Я потер пальцем коричневое пятно на языке. Твердое, как и красное тело языка, рядом, оно не стирается. Понюхал... пахнет человеческими фекалиями. Вот какова кухня этого процесса! Вот, какие отбросы выделились в организм и идут теперь языком! И такая гадость мне воткнута в рот и сидит там, и идет вглубь, в горло, в грудь, как длинный, отравляющий гвоздь! Кружок на языке есть только поперечное сечение этого хвоста. Через пол суток хвост этот сам вышел бы наружу. А теперь он здесь, в горле, в груди, остановился и стоить!.. Я стал ждать. В груди, в половине ее высоты от желудка и выше по пищеводу — отвратительнейшее ощущение! Точно снизу, выше подложки, что-то уперлось, нечто отвратительное, и его выпирает вверх и — не может … Можно точно разделить по груди, где начинается отвратительное — «хвост», а где — другое...

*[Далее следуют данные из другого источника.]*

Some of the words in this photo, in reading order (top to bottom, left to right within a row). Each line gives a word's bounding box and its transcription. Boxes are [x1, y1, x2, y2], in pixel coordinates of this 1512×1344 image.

На утро темный кружок на языке исчез, но зато по всему языку разлился желтовато-коричневый цвет. Ясно — оттого, что я стал есть «хвост» остановился в своем движении наружу и, естественно, тотчас же стал рассасываться во все стороны. Его составные вещества разошлись по языку, и весь язык стал пахнуть выгребной ямой.

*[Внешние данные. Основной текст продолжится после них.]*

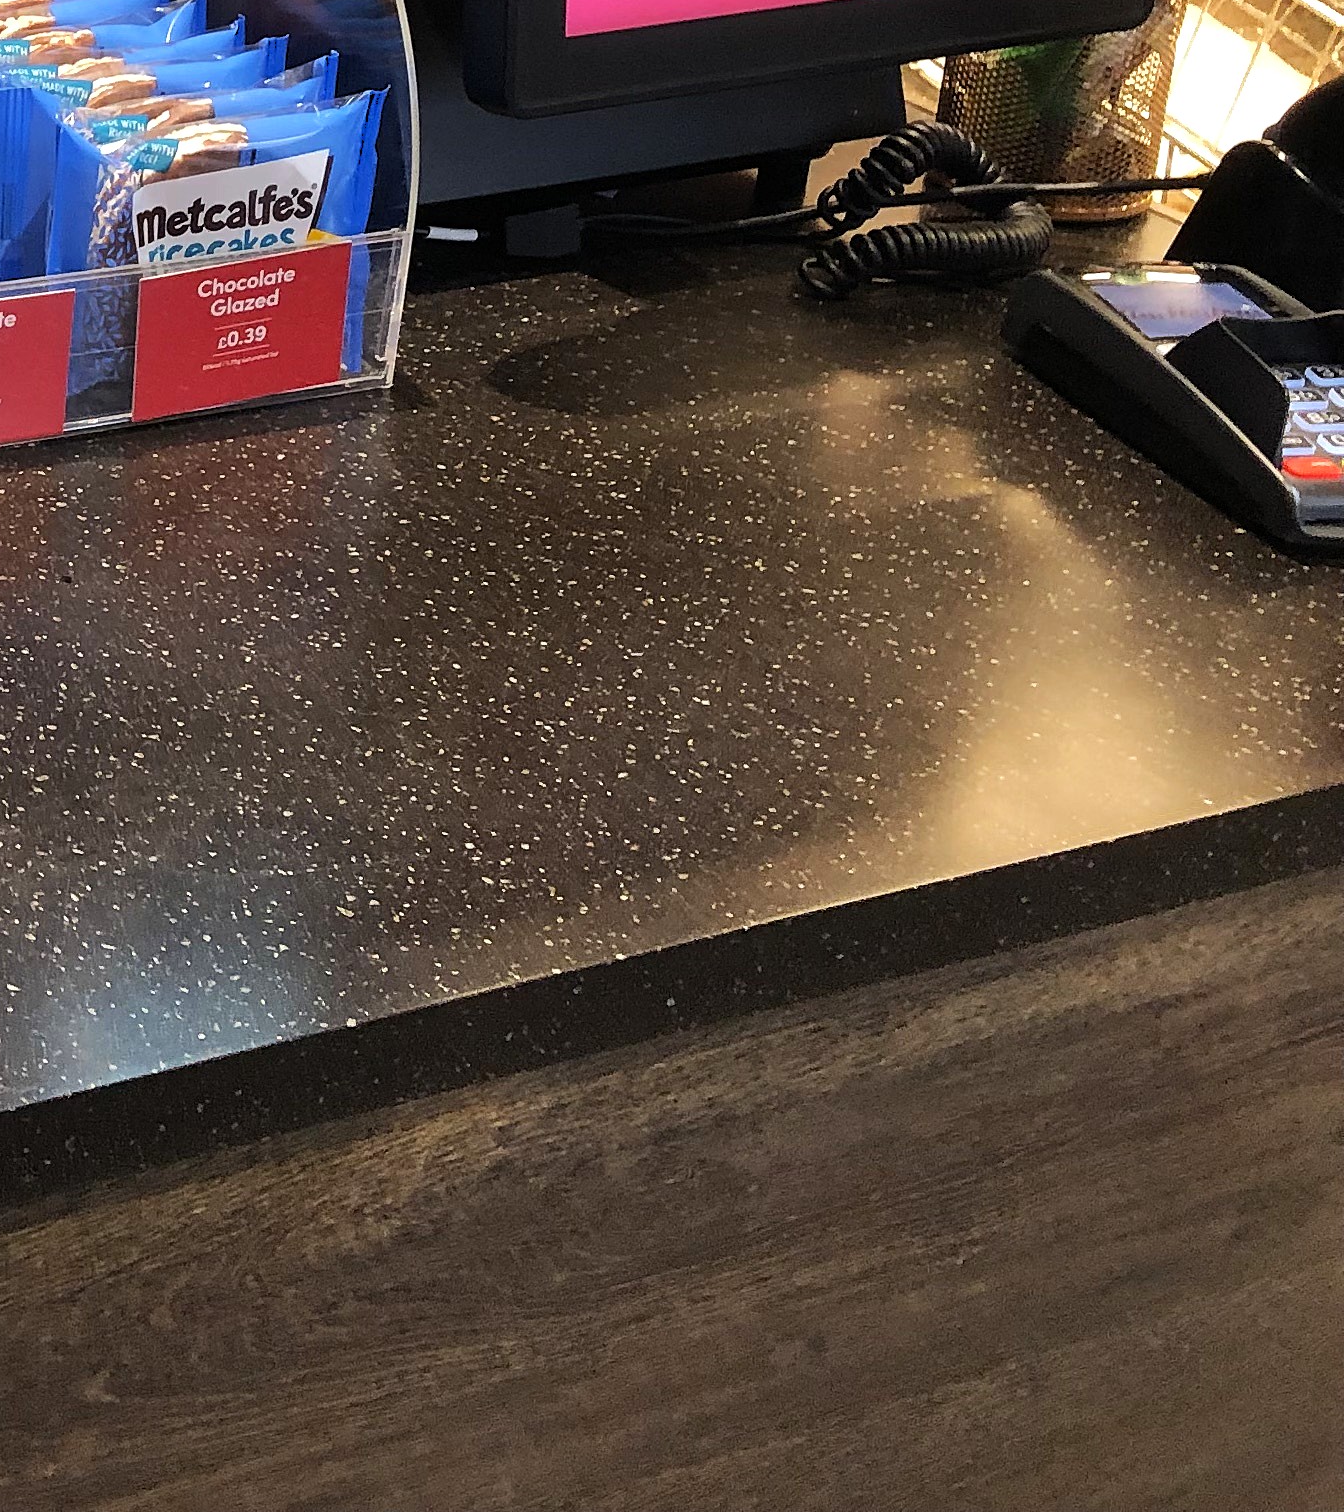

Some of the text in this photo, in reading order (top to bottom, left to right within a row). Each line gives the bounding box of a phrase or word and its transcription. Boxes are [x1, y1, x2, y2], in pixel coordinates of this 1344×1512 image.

[3, 44, 28, 57] WITH
[30, 68, 56, 80] WITH
[41, 80, 90, 102] MADE WITH
[119, 119, 146, 133] WITH
[150, 142, 176, 157] WITH
[197, 267, 296, 298] Chocolate
[210, 287, 280, 317] Glazed
[216, 325, 268, 350] £0.39

Как объяснить весь ужас этого?

И все кругом советуют:

Теперь пейте молоко...

Это таким-то языком пить молоко? Как им объяснить это? И врачи говорят, что они знают, что бывает с организмом человека при голодании!

Ничего есть не мог. Язык торчал во рту, кик чужой мне предмет, отравляя все кругом, и слюну тоже, которая смывала с него этот ужасный выпот.

Раньше все это не было так заметно, — весь язык был под белым

«налетом», как под футляром, и выделения из него стекали под этой крышей, вливаясь в слюну лишь с окраин языка и тут же выплевываясь. В этом важная роль этого «налета»: он служить для дезинфекции и защиты остального рта от гнилостных выделений языка и «счищать» его, как иногда очень легко делают в больницах, надо очень подумавши.

Вечером я сделал смесь: на чашечку кофе, горячего, как огонь, положил ложку меда и большую рюмку коньяку и этой огненной жидкостью ополоскал рот. Ночью повторил тоже несколько раз. Утром язык был весь красный, запах прошел, но аппетита не было.

 

 

Открытие.

Конечно, я сделал очень важное открытие — увидел неведомый еще процесс человеческого тела в его катастрофе в случайном перерыве, но зато надолго лишился аппетита, т. е. восстановления растраченных за долгий опыт сил.

Подожди я всего еще 12 часов, язык весь бы очистился, проснулся бы сразу большой «неудержимый» аппетит, при котором желудок легко в полторы недели дал бы мне новое тело вместо сброшенного во время поста и полноту энергии «нового здоровья». После второго моего полного поста (37 дней) я, потеряв в своем весе 16 кг. в первые же 5 Ѕ дней, как начал «есть», вернул 9 кг. После же первого поста все первое время был вялый аппетит, вялый желудок, вялый я сам, и только через три недели аппетит окреп — вероятно, в связи с тем, что

организм успел, наконец, выбросить последние остатки вернувшегося в него «хвоста».